What is being asked:
Omit the pictures from the entries below and retype everything else exactly.
(Data to examine)
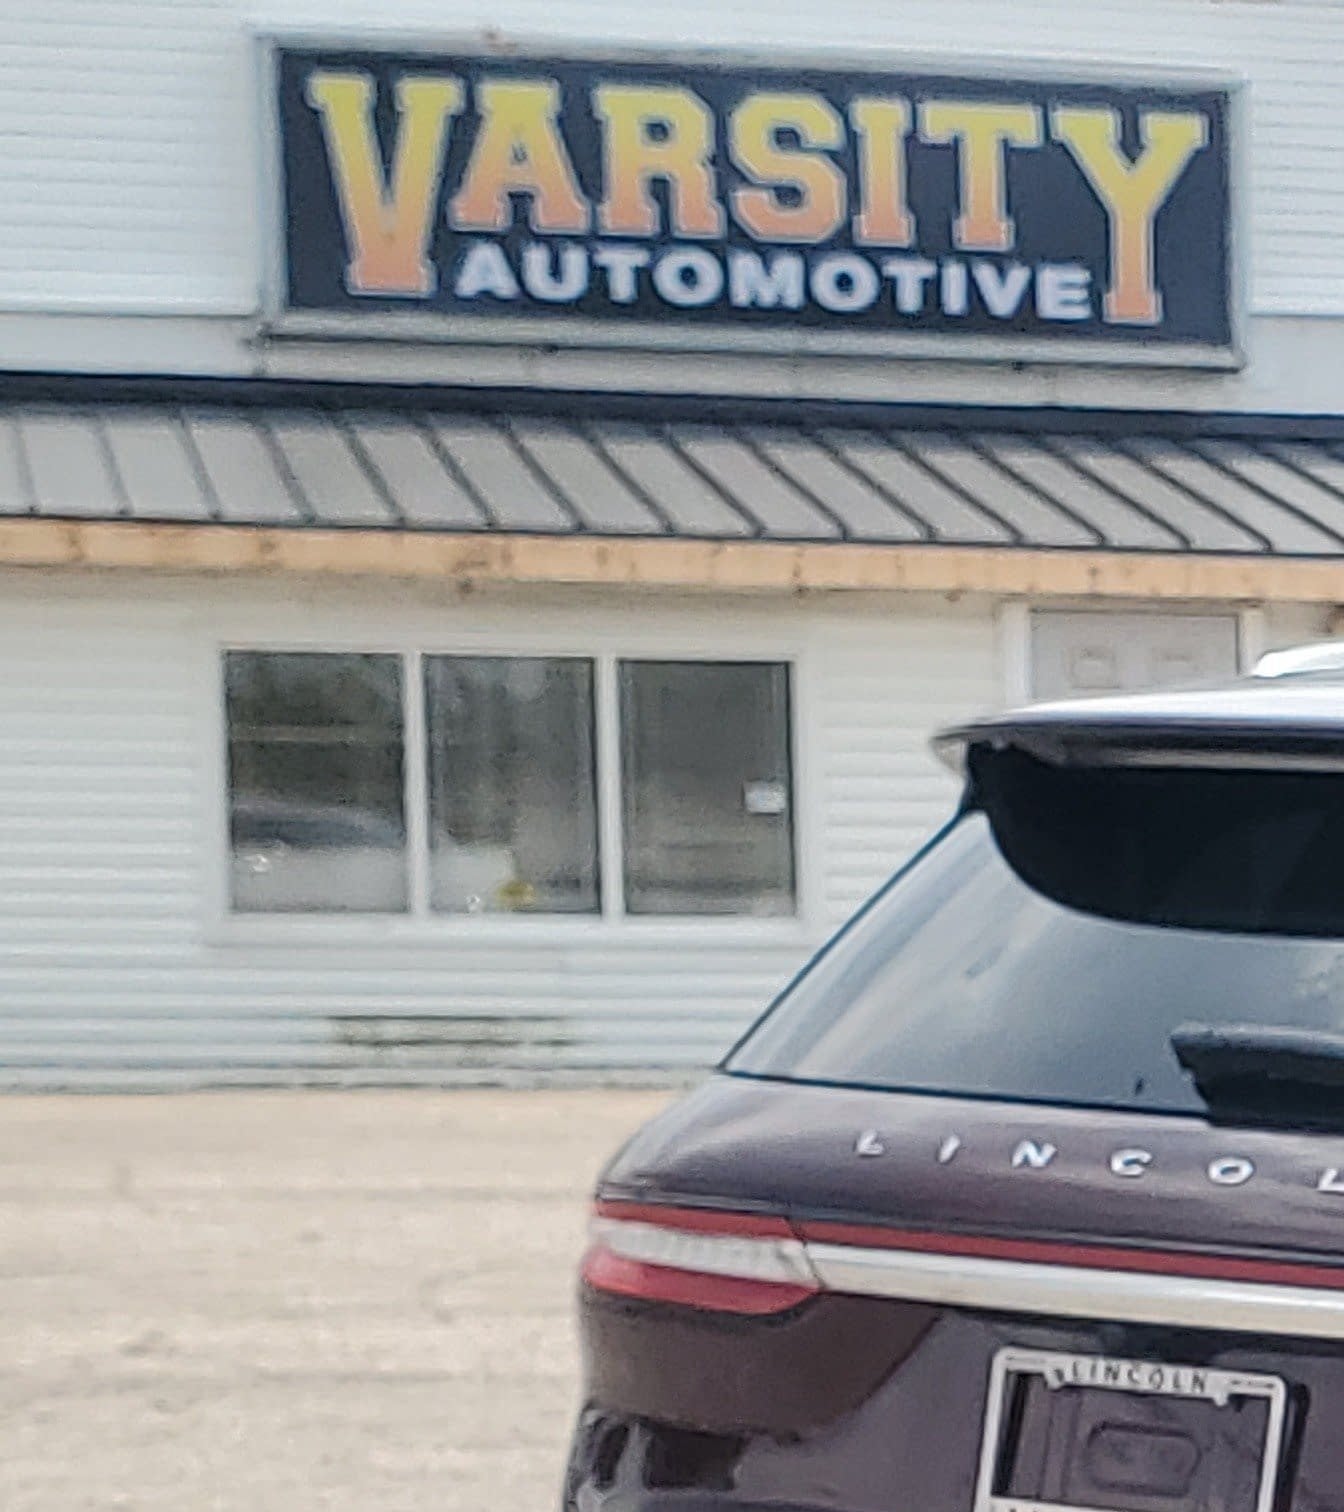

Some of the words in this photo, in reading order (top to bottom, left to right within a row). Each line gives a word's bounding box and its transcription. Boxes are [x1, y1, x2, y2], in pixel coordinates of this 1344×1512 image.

[305, 70, 1209, 327] VARSITY
[454, 239, 1092, 321] AUTOMOTIVE
[1071, 1360, 1210, 1393] LINCOLN
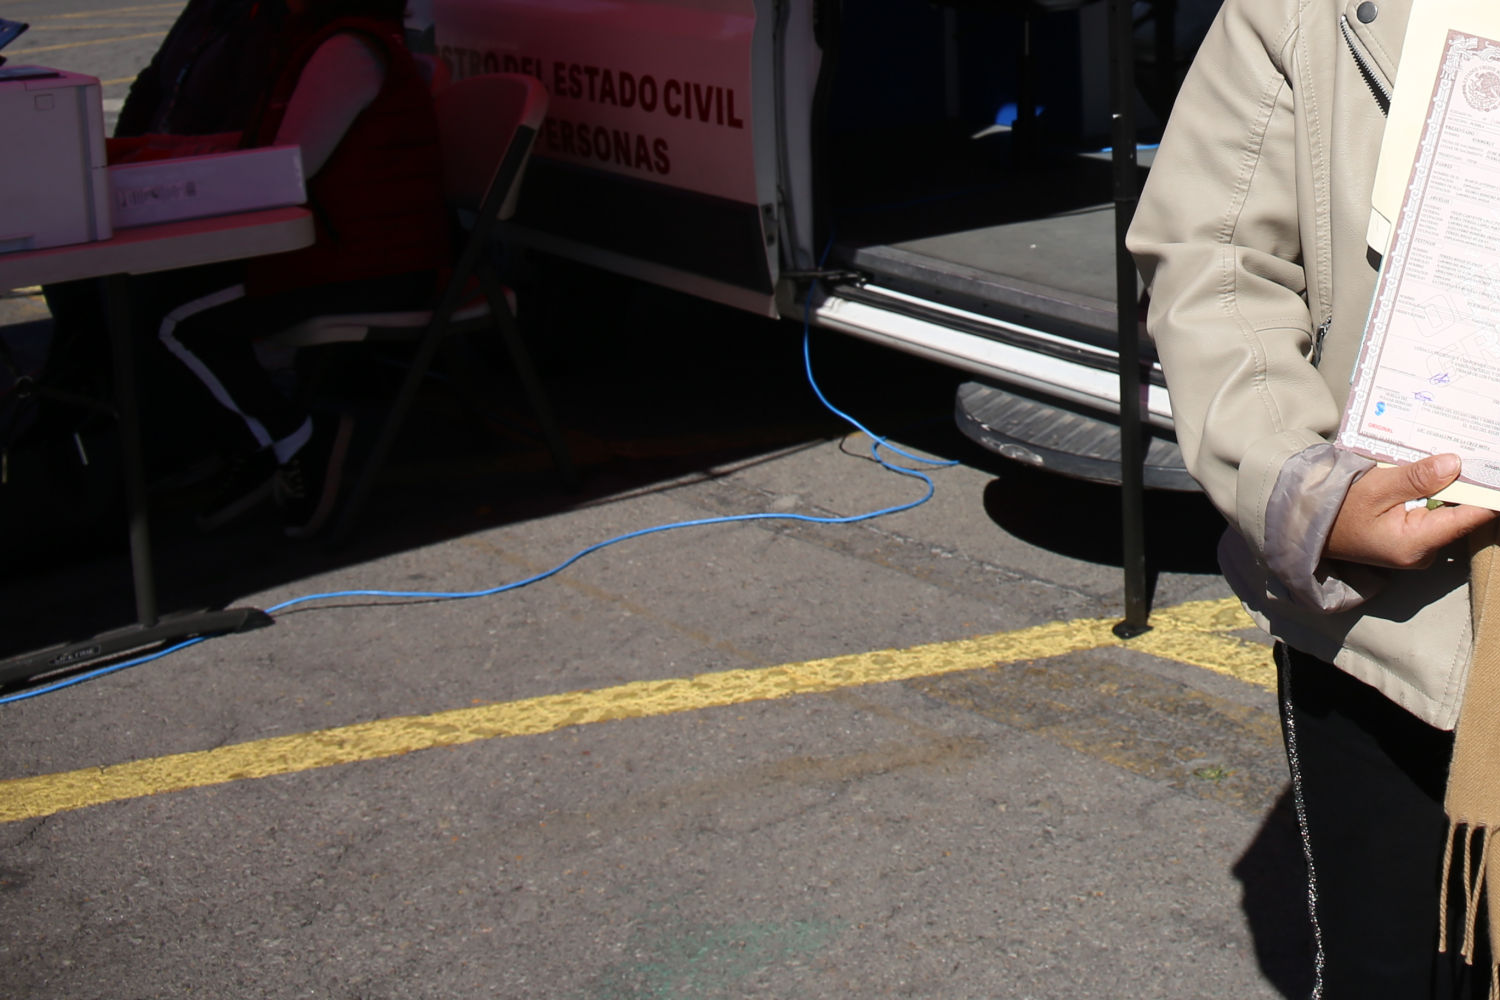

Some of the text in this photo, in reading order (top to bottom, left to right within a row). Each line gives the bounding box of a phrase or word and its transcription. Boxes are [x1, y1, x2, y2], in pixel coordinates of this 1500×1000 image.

[554, 62, 658, 114] ESTADO
[663, 78, 744, 130] CIVIL
[538, 116, 671, 176] ERSONAS
(End Data to examine)
Solved problem:
Some of the words in this photo, in reading order (top to bottom, left to right within a row). Each line gives a word's bounding box and its transcription. Boxes are [x1, y1, x2, y2], in pixel coordinates of this 1344×1512 image.

[305, 70, 1209, 327] VARSITY
[454, 239, 1092, 321] AUTOMOTIVE
[1071, 1360, 1210, 1393] LINCOLN

Some of the text in this photo, in reading order (top to bottom, left to right within a row). Each line gives the bounding box of a phrase or word and its transcription. Boxes are [x1, y1, x2, y2], in pixel coordinates of this 1500×1000 image.

[554, 62, 658, 114] ESTADO
[663, 78, 744, 130] CIVIL
[538, 116, 671, 176] ERSONAS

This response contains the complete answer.